Auf Initiative des damaligen Fachausschusses Maschinenbau, Fertigungssysteme und Stahlbau erarbeitete das IFA in einem Entwicklungsprojekt medizinisch/biomechanische und arbeitsorganisatorische Anforderungen an Arbeitsplätze mit kollaborierenden Robotern. Sie wurden zunächst in einer BG/BGIA-Empfehlung zusammengefasst, bevor sie mit dem Erscheinen der Technischen Spezifikation (TS) 15066 als Ergänzung zur ISO10218-2 präzisiert und normativ verankert wurden. Mit der aktuellen Überarbeitung sollen verifizierte Grenzwerte in den Teil 2 der EN ISO 10218 aufgenommen werden. Ergänzungen zu den normativen Anforderungen finden sich in der nationalen DGUV-Information 080 Kollaborierende Robotersysteme: Planung von Anlagen mit der Funktion "Leistungs- und Kraftbegrenzung".

Hintergrund

In einem bestimmungsgemäß durchgeführten kollaborierenden Arbeitsprozess sind Kollisionsrisiken zwischen einem Roboter und Personen nicht auszuschließen. Daher bestand die Aufgabe darin, die biomechanischen Beanspruchungseffekte einer Kollision so zu begrenzen, dass nur geringe, tolerable Beanspruchungsschweren für betroffene Personen auftreten können. Je nach Festlegung des Kollisionsrisikos in der Risikobeurteilung einer konkreten Arbeitsapplikation mit einem kollaborierenden Roboter wird als Beanspruchungsschwere entweder die Schmerzschwelle (Übergang von Druckgefühl in Schmerzgefühl) oder der Verletzungseintritt (Schwellung, geringfügiges Hämatom) herangezogen. Die festgelegte zulässige Schwere der Körperbeanspruchung kann durch Grenzwerte zusammenhängender Beanspruchungskriterien abgebildet werden.

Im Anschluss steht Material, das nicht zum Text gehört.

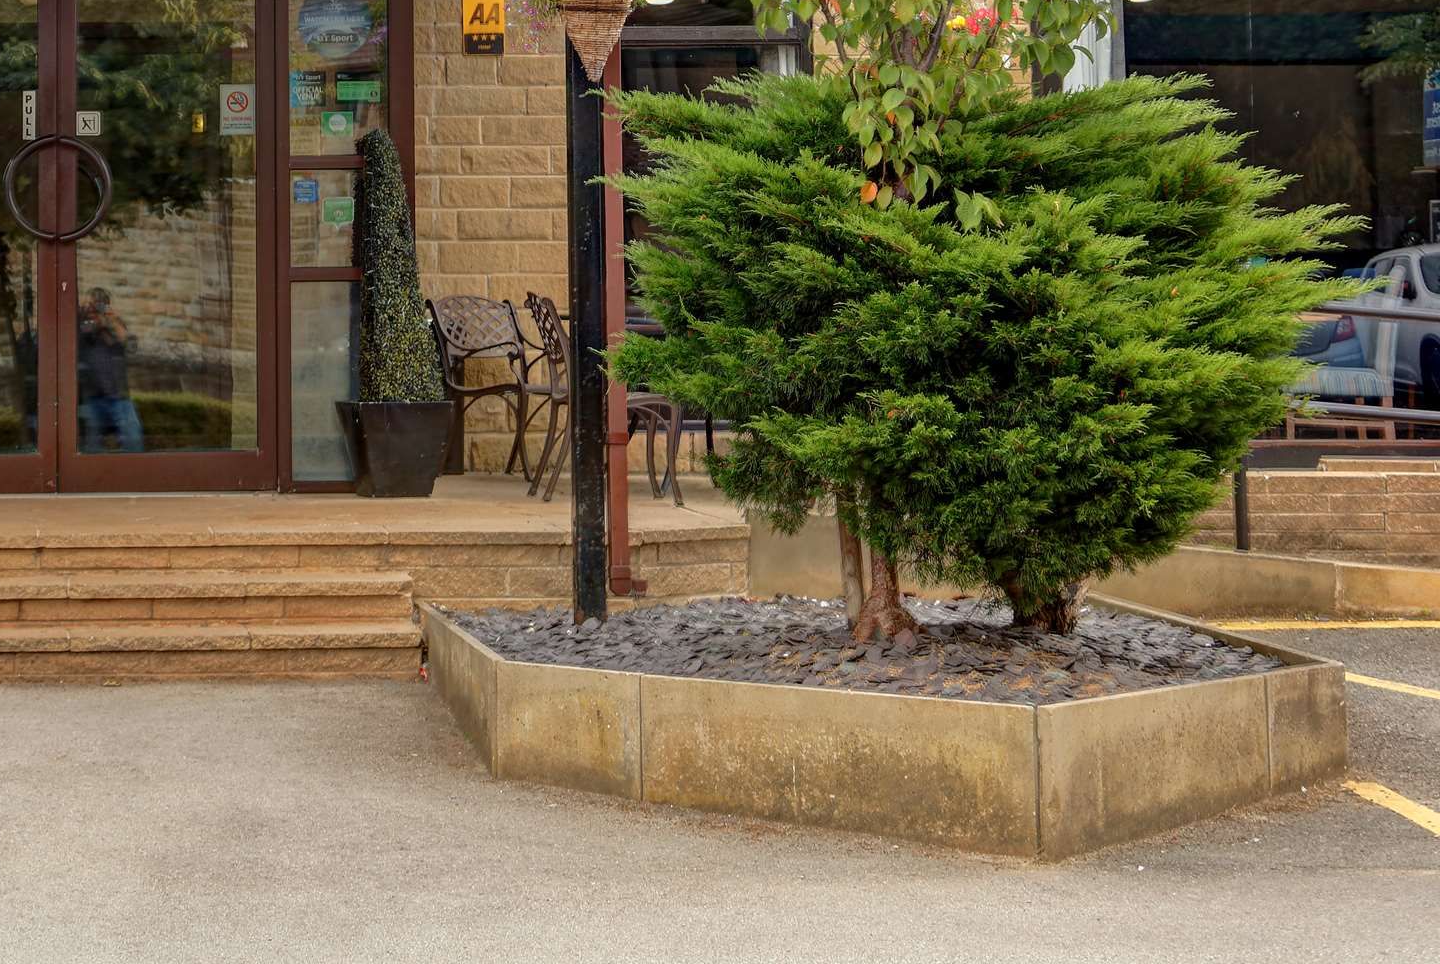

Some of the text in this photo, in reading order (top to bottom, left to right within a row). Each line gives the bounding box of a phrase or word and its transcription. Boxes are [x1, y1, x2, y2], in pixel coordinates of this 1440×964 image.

Für alle Bereiche eines einfachen Körpermodells wurden erste orientierende Grenzwerte für die Beanspruchungskriterien "Stoßkraft", "Klemm-/Quetschkraft" und "Druck/Flächenpressung" festgelegt. Das IFA hat dazu Verletzungsdaten aufgrund äußerer mechanischer Belastungen aus Literatur und Datenbanken recherchiert. Im DGUV-Projekt FP 317 "Ermittlung eines Schmerzschwellenkatasters des Menschen" wurden in Kooperation mit der Universitätsmedizin der Johannes Gutenberg-Universität Mainz Kraft- und Druckgrenzwerte ermittelt: für die quasistatische Anwendung und eine kleine kantige Belastungsform mit einem Stößel. Hieraus konnten signifikante Druckgrenzwerte für die aktuellen Dokumente gewonnen werden (siehe Schmerzschwellenkataster).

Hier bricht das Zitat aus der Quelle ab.